I have switched many times over the years and nothing has ever come close to google search. However, due to the recent massive decline in google search quality I am trying out kagi, with actually great success. I am still debating if I should pay for access once my trial ends, but more for budget reasons than for quality reasons. If it were free, I would not hesitate to switch.

[–] [email protected] 14 points 10 months ago

I've been paying for Kagi for a couple months now. Now that it's $10 for unlimited searches I'll probably keep it up for a while. I do tend to get really good results. Its the first thing on the chopping block next time I need to tighten my budget though.

Before Kagi I was using DDG, but had to use bangs a lot because I couldn't surface what I was looking for.

[–] [email protected] 7 points 10 months ago (1 children)

I’m liking all the comments saying that [even despite its strong decline in quality], Google’s results are still much better than others’. I’ve been moving around a lot to other search engines lately and thought I’ve been doing something wrong.
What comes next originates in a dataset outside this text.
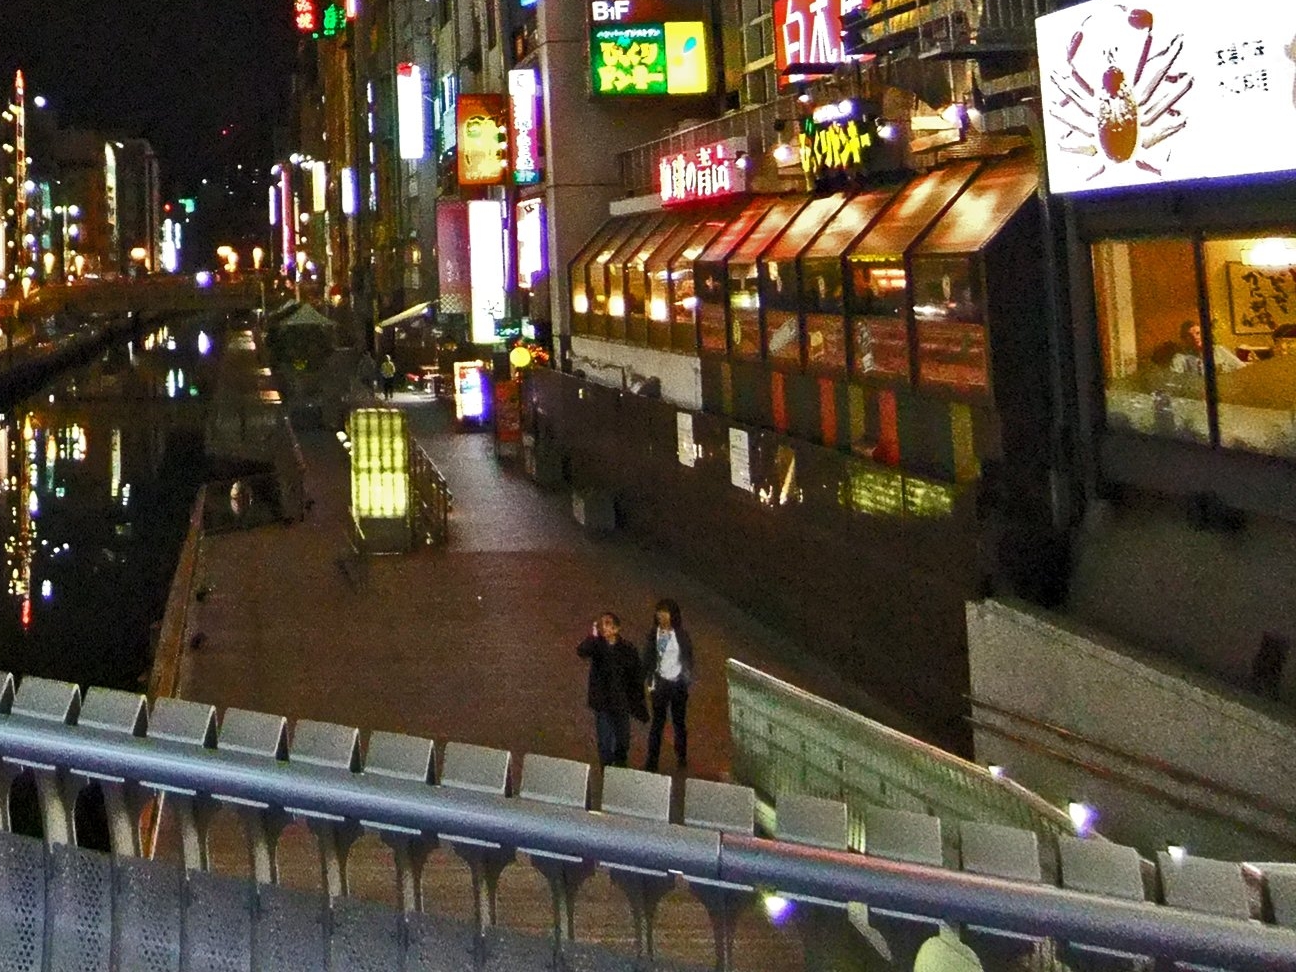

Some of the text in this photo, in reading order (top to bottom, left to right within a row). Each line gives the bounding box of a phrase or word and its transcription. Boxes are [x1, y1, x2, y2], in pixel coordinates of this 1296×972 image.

[592, 0, 630, 21] B1F
[597, 64, 665, 92] ドンキー
[–] [email protected] 10 points 10 months ago

Better to De-Google sooner rather than later imho and it's fairly safe to assume corporate greed will continue to send it's products and services deeper into the abyss. I think using alternatives now will make life easier in the future as Google becomes less useful with each passing day. Also, just using Google gives them access to personal data to harvest and ad revenue. I think we should try to be conscientious consumers whenever possible and use less evil alternatives. I don't want to support Google's enshitification of the Internet, censorship, anti-competitive practices, etc...

[–] [email protected] 5 points 10 months ago (1 children)

Kagi is pretty expensive for my country's standards, sadly

[–] [email protected] 3 points 10 months ago

Yeah 120€ per year ouch

[–] [email protected] 4 points 10 months ago

Similar for me, there's just absolutely no comparison to Google so far. DDG is the closest but the results are still a fair bit worse and importantly, I'll always have to swap to Google for maps anyways as Apple Maps is just an insult to users.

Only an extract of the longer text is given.